▸ WHAT IS REQUIRED: Your copy should hold every record exactly and no images.

[DATA TO PROCESS]

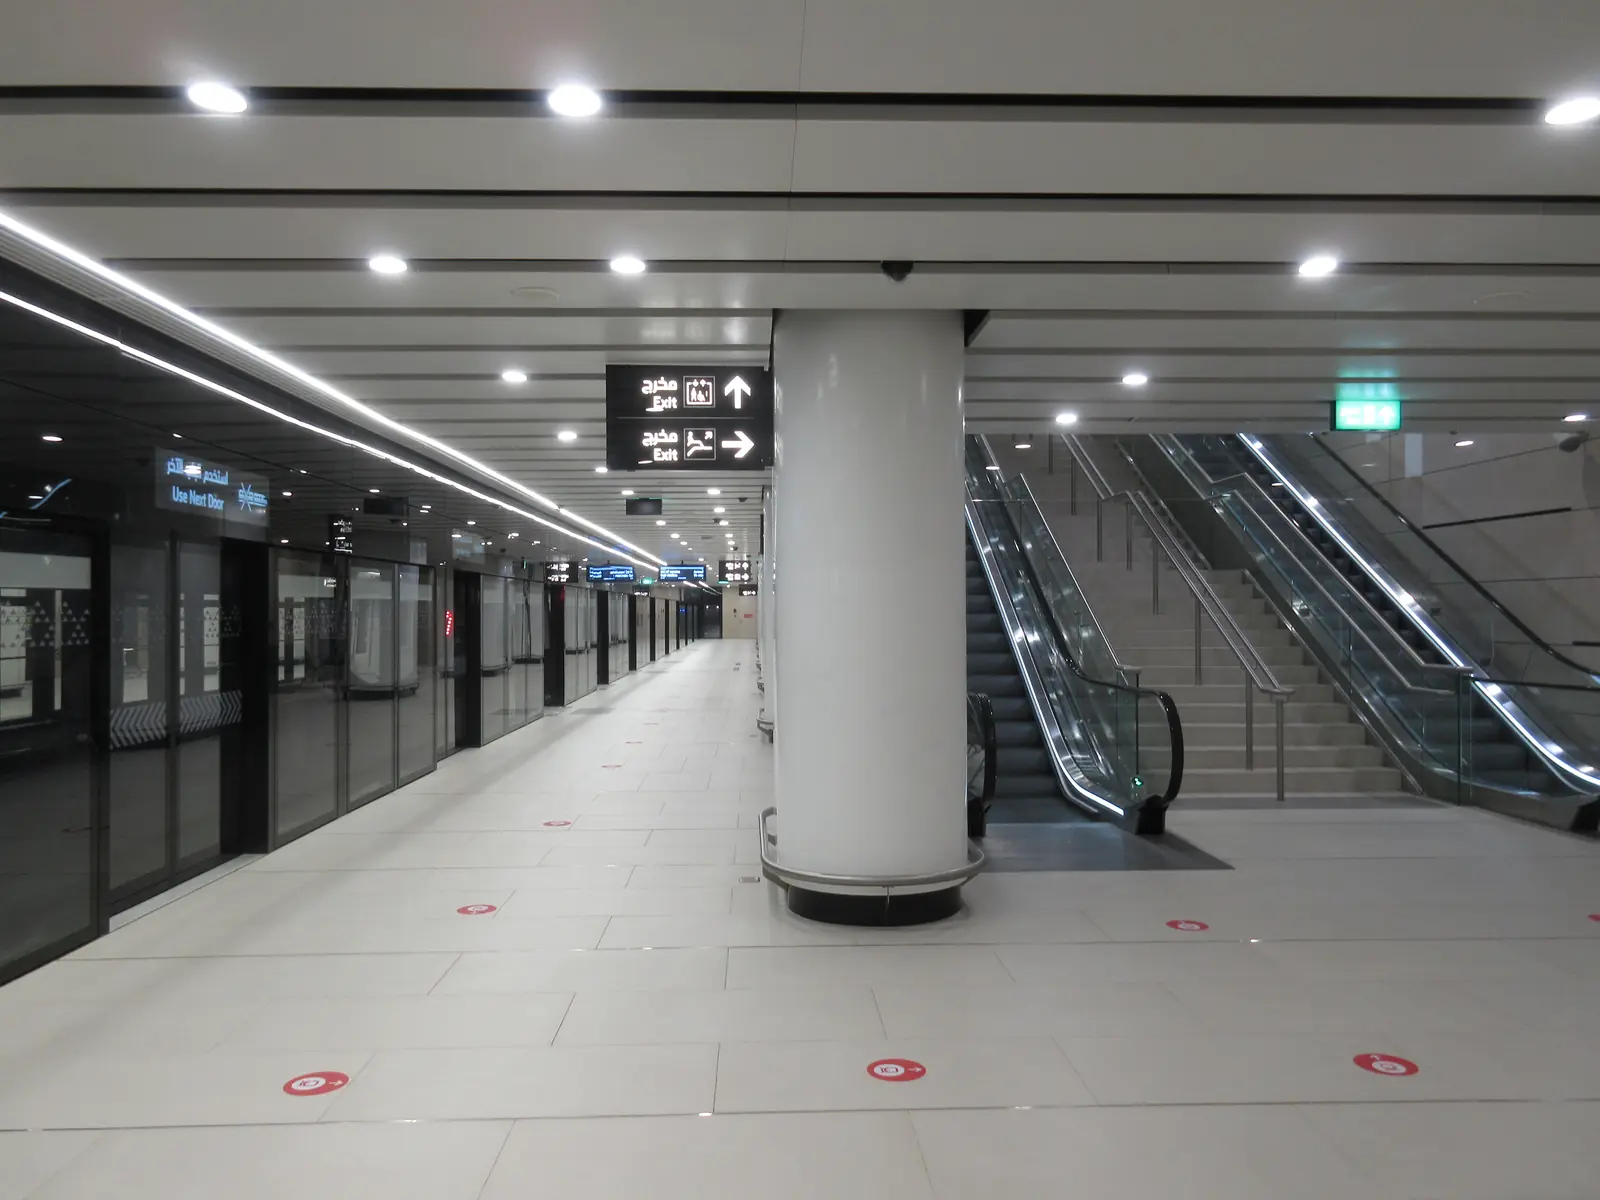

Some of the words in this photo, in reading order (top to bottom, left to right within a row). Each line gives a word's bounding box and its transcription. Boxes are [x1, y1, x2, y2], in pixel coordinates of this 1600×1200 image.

[641, 376, 678, 395] مخرج
[653, 395, 678, 409] Exit
[641, 428, 679, 447] مخرج
[653, 447, 678, 462] Exit
[172, 485, 188, 504] Use
[189, 488, 207, 508] Next
[207, 492, 224, 511] Door
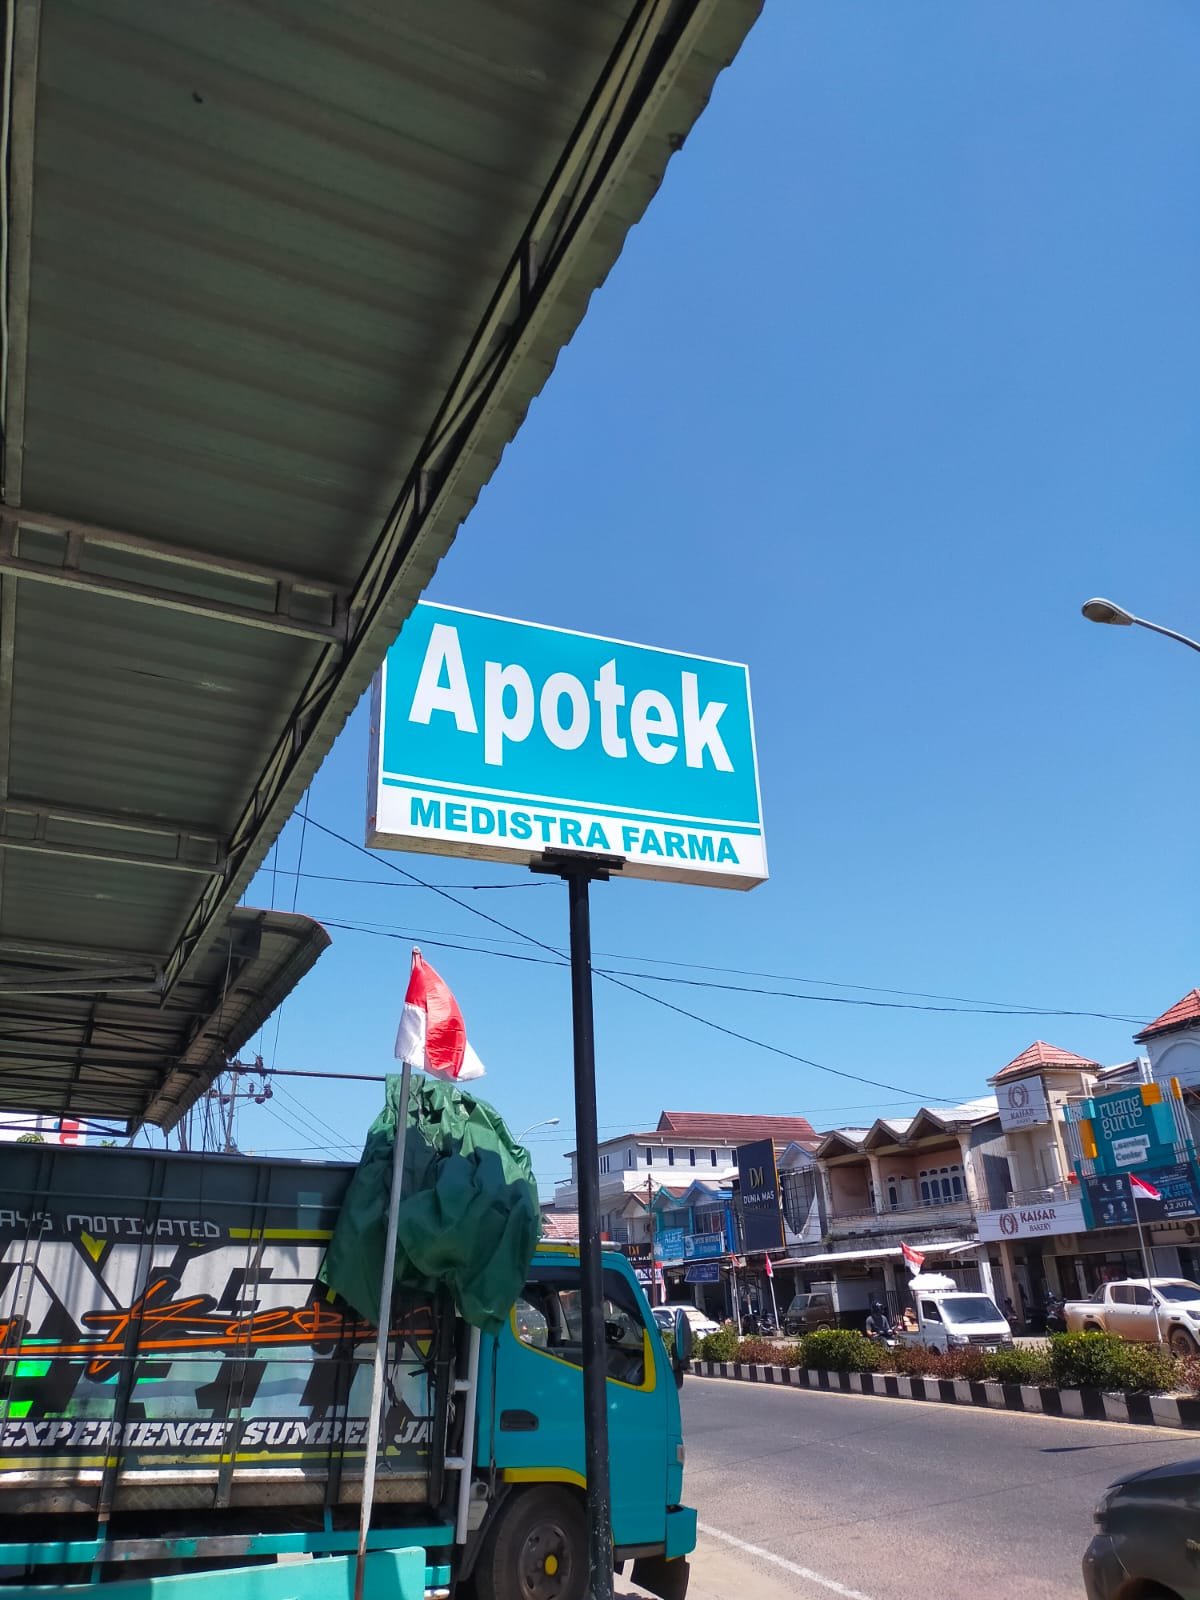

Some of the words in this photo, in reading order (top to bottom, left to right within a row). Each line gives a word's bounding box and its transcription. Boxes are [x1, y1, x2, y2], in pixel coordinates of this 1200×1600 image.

[408, 622, 735, 773] Apotek
[410, 797, 610, 849] MEDISTRA
[622, 826, 740, 865] FARMA
[1099, 1094, 1143, 1119] ruang
[743, 1194, 761, 1205] DUNIA
[761, 1190, 775, 1201] MAS
[1020, 1208, 1056, 1223] KAISAR
[0, 1421, 233, 1447] EXPERIENCE
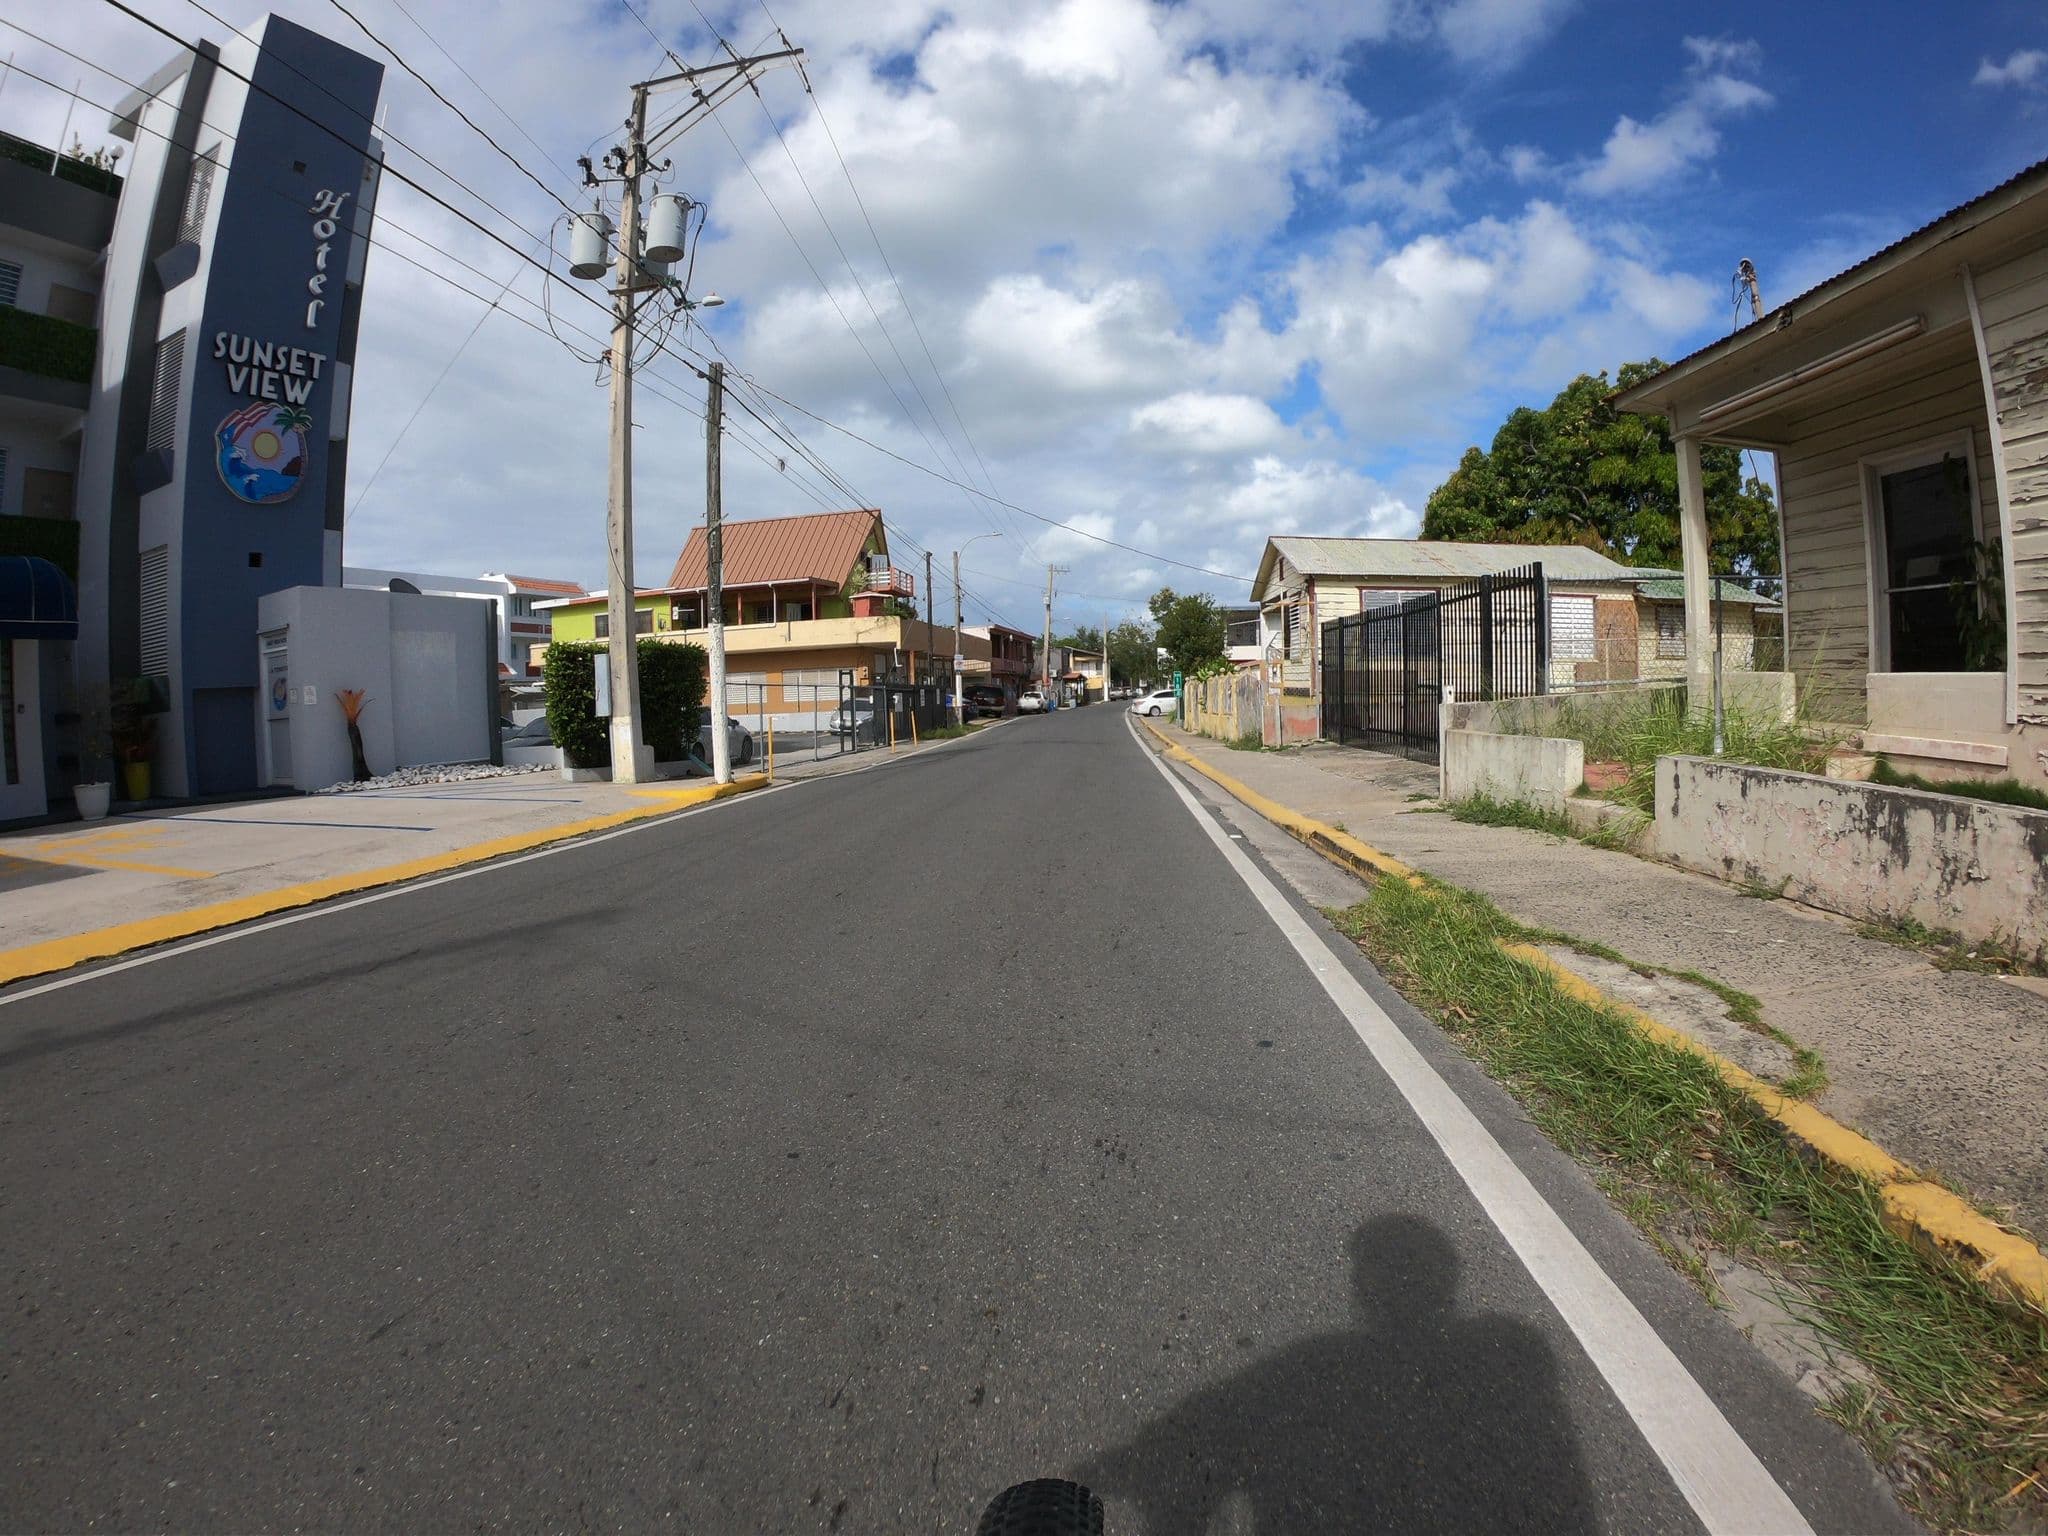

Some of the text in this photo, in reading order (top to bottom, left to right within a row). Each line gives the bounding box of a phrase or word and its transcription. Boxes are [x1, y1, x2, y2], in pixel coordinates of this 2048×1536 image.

[/DATA TO PROCESS]

▸ EXERCISE RESULT:
Some of the words in this photo, in reading order (top to bottom, left to right within a row). Each line gives a word's bounding box and its transcription. Boxes are [x1, y1, x2, y2], in pixel coordinates of this 1600×1200 image.

[641, 376, 678, 395] مخرج
[653, 395, 678, 409] Exit
[641, 428, 679, 447] مخرج
[653, 447, 678, 462] Exit
[172, 485, 188, 504] Use
[189, 488, 207, 508] Next
[207, 492, 224, 511] Door

Some of the words in this photo, in reading order (top to bottom, left to right within a row). Each line gives a word's bounding box and its transcription. Boxes are [x1, y1, x2, y2], in pixel coordinates of this 1200×1600 image.

[408, 622, 735, 773] Apotek
[410, 797, 610, 849] MEDISTRA
[622, 826, 740, 865] FARMA
[1099, 1094, 1143, 1119] ruang
[743, 1194, 761, 1205] DUNIA
[761, 1190, 775, 1201] MAS
[1020, 1208, 1056, 1223] KAISAR
[0, 1421, 233, 1447] EXPERIENCE

Some of the text in this photo, in reading order (top to bottom, left to right within a row). Each line gives the bounding box of a phrase or word and its transcription. Boxes are [x1, y1, x2, y2], in pixel coordinates of this 2048×1536 image.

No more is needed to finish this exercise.